Problem to solve - All entries below are to be reproduced precisely as they stand, without the pictures.

--- Records for the task Enclosed Below ---

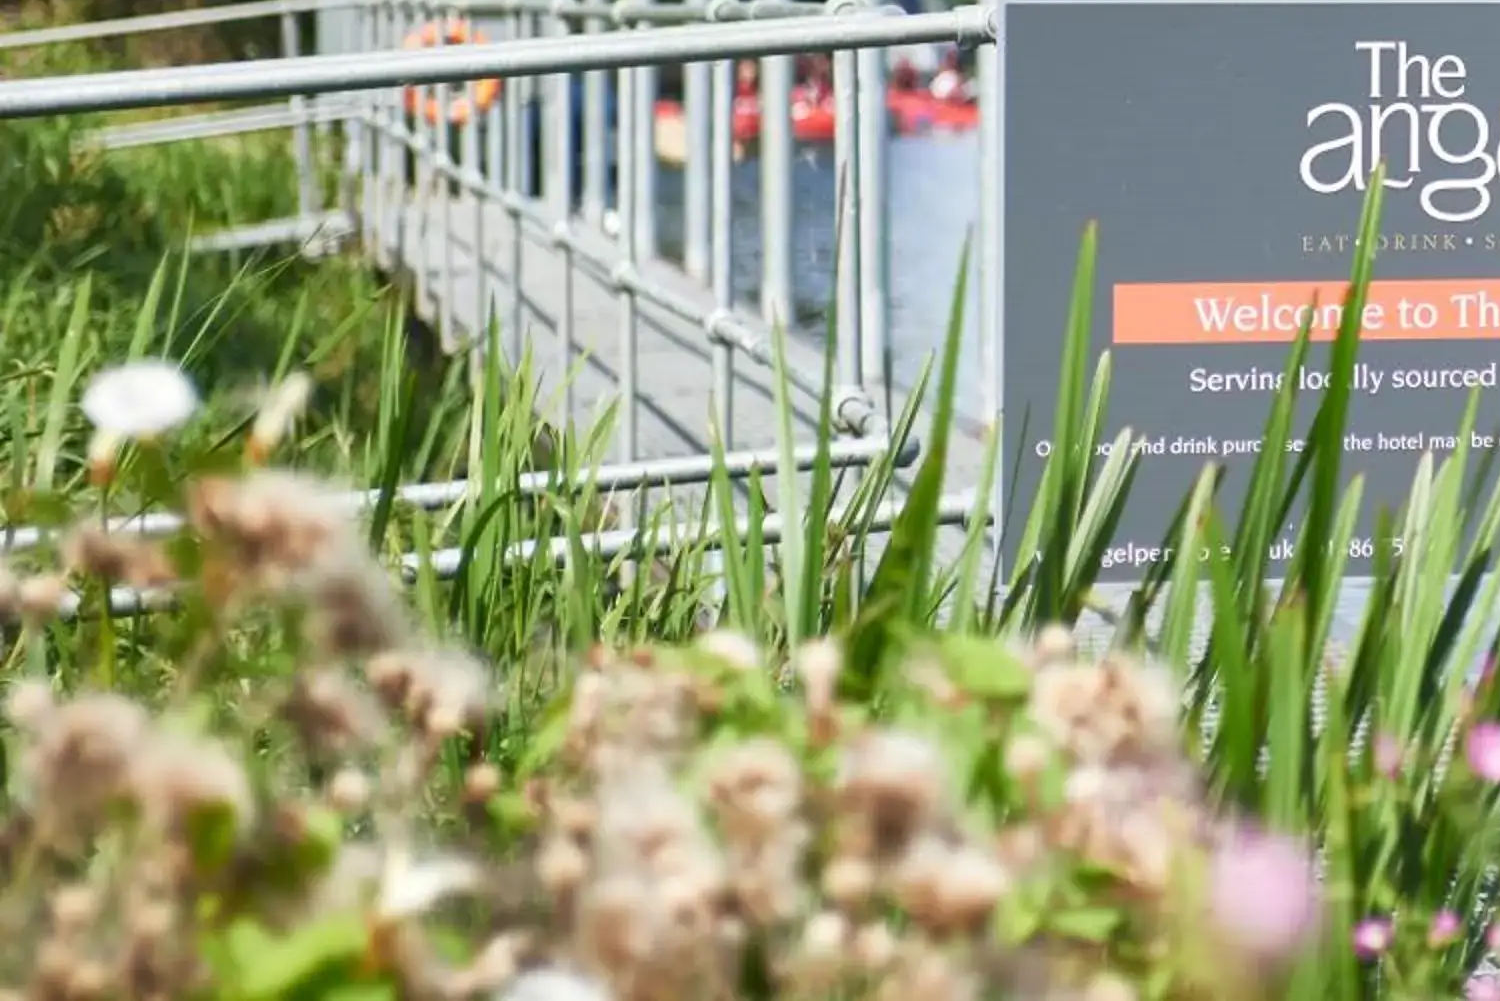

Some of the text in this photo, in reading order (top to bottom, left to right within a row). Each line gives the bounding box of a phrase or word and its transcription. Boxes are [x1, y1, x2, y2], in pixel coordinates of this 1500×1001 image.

[1355, 41, 1466, 98] The
[1302, 234, 1350, 252] EAT
[1375, 233, 1456, 251] DRINK
[1398, 298, 1438, 329] to
[1299, 363, 1384, 394] loclly
[1391, 363, 1497, 388] sourced
[1170, 435, 1217, 455] drink
[1344, 432, 1372, 452] the
[1378, 431, 1424, 451] hotel
[1471, 430, 1495, 448] be

--- End of Enclosed Records for the task ---

The completed task -
Some of the text in this photo, in reading order (top to bottom, left to right within a row). Each line gives the bounding box of a phrase or word and its transcription. Boxes are [x1, y1, x2, y2], in pixel coordinates of this 1500×1001 image.

[1355, 41, 1466, 98] The
[1302, 234, 1350, 252] EAT
[1375, 233, 1456, 251] DRINK
[1398, 298, 1438, 329] to
[1299, 363, 1384, 394] loclly
[1391, 363, 1497, 388] sourced
[1170, 435, 1217, 455] drink
[1344, 432, 1372, 452] the
[1378, 431, 1424, 451] hotel
[1471, 430, 1495, 448] be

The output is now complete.